Выбрать главу

– Докторша, – хмуро обратился он к Ирине, так как не знал ее имени. – Отойди-ка скорей подальше.

– Значит, ты меня знаешь? – произнесла она удивленно.

– Да, знаю! – подтвердил Мичкин. – Как-то раз в ночь под Новый год ты согласилась пойти к моему больному внуку. В снегу увязала… Не ждал я, что ты сделаешь это для пас… для нищих.

Ирина рассеянно сдвинула брови, словно ища этот случай во мгле своих бесчисленных и бессвязных воспоминаний об увеселениях в Чамкории.

– Да, припоминаю! – сказала она с еле заметной улыбкой. – И в благодарность за это ты хочешь задержать моего спутника.

– Надо… обязан я его задержать, докторша. За ним охотятся все отряды.

– Что вы хотите с ним сделать?

– Он осужден.

Ирина сверкнула глазами.

– Кто вам дал право его судить? – строго спросила она.

– Народ, – ответил Мичкин.

– Какой парод? Когда он вас уполномочил?

– Когда над ним стали глумиться насильники… Когда этот человек приказал им резать наши головы и поджигать дома.

Партизаны что-то проворчали, да так грозно, что Ирина вздрогнула. Но она все же не теряла присутствия духа и с какой-то отчаянной решимостью продолжала бороться за жизнь фон Гайера.

– Да разве этот человек мог давать такие приказы? – глухо проговорила она.

Но Мичкин возразил:

– Не прикидывайся дурой, докторша! Этот человек устанавливал цены на табак и золотил руки палачам. Ты это отлично знаешь.

Ирина почувствовала в его ответе неопровержимую, страшную правду, но и на этот раз не потеряла присутствия духа.

– Тогда судите и покойника в машине, и эксперта, и меня… – сказала она. – Мы принимали деньги от этого немца, чтобы платить государству налоги, а рабочим жалованье. Значит, мы все виновны, а карать смертью всех, даже когда они виновны, – это жестоко и недопустимо. Ведь этот человек был вынужден так поступать в силу необходимости, как мой покойный муж, как эксперт и я…

– Покойник ответит перед богом, – отозвался Мичкин. – Вы – перед своей совестью, а этот человек – перед нами.

– Перед каким богом, товарищ командир? – спросил кто-то насмешливо.

– Погоди! – оборвал его Мичкин. – Так уж говорится.

– Он никого не убил! – воскликнула Ирина.

– Но отдавал приказы убийцам и платил им, – возразил Мичкин. – Его преступление самое тяжкое. И мы осудили его, чтобы простить менее виновных.
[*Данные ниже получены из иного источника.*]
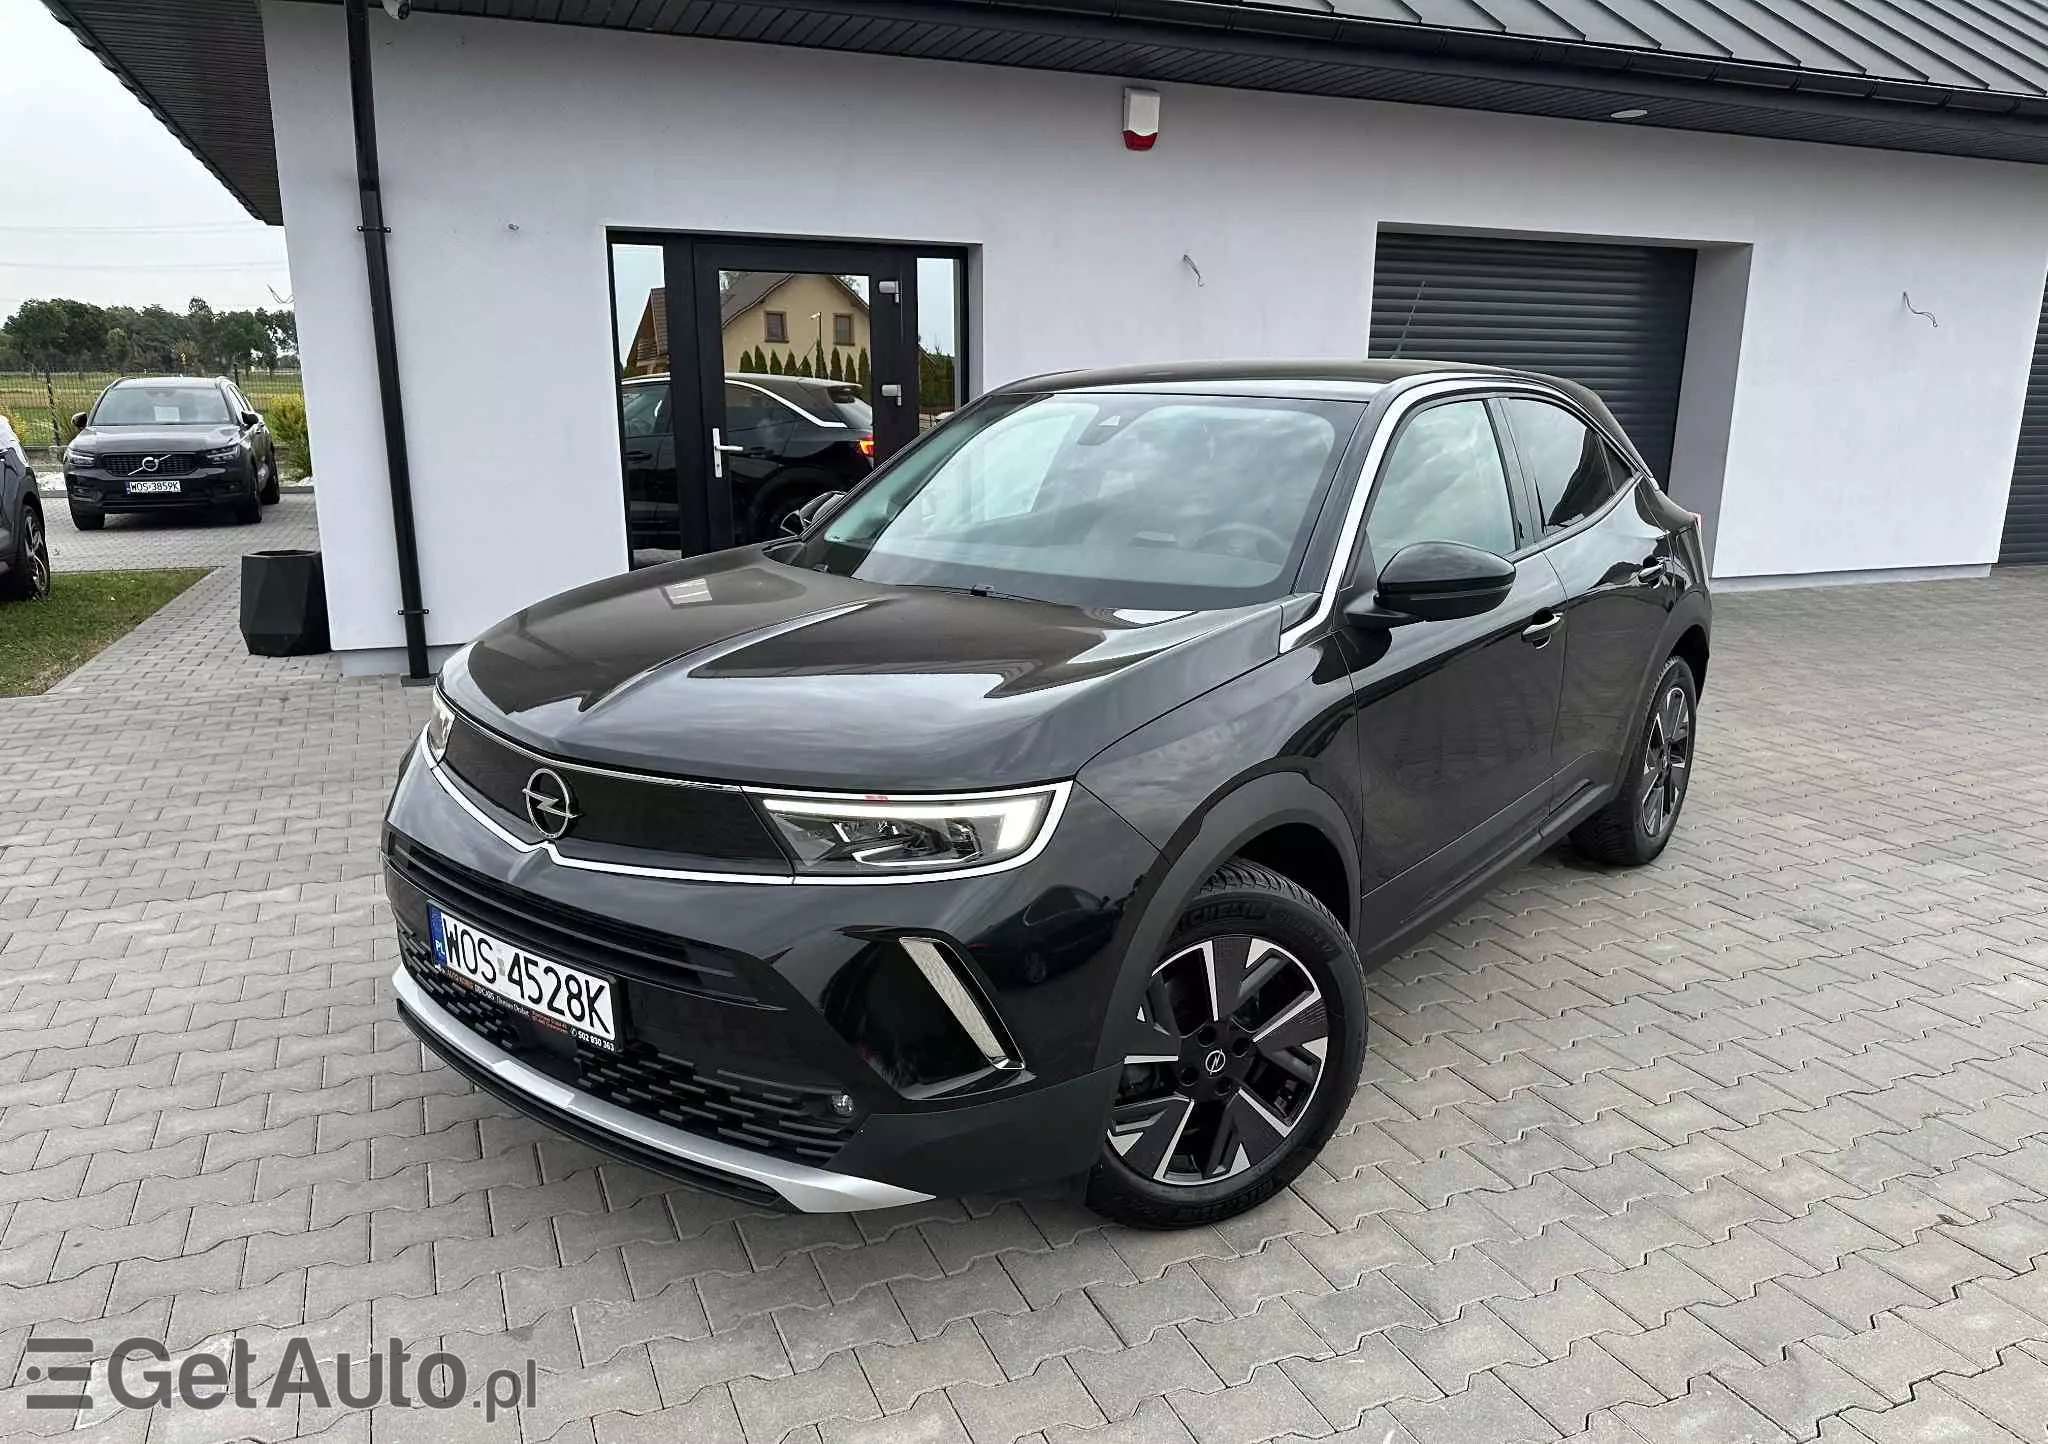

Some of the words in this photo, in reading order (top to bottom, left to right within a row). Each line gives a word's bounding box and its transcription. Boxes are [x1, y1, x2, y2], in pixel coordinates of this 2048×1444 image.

Ирина заметила, что фон Гайер слушает этот разговор. Он достаточно хорошо знал болгарский язык, чтобы понять, о чем идет речь. Тем не менее он держался невозмутимо, с видом человека, которому приятно выкурить сигарету после того, как он три часа сжимал в руках баранку автомобиля. Ирина подумала, что сейчас ему и нельзя держаться иначе, а мужество – единственное, что у него остается в этот час падения и краха. Она была полна отчаяния. Ей хотелось крикнуть: «Этот человек поехал в Салоники ради меня!..» Но она не крикнула, поняв, что сейчас подобный довод покажется смешным и что если виновных много, то самый виновный все-таки фон Гайер.

Терпение Мичкина начало иссякать.

– Отведите ее в сторону, – распорядился он.

Но не просто было увести отсюда женщину, особенно если она была в черном крепе, а на шоссе лежало тело ее мужа, завернутое в одеяло. Слова Мичкина как будто растворились в воздухе – никто не спешил выполнить его приказ.

– Чего глядите? – спросил он и выругался сердито. – Молиться, что ли, на них будем?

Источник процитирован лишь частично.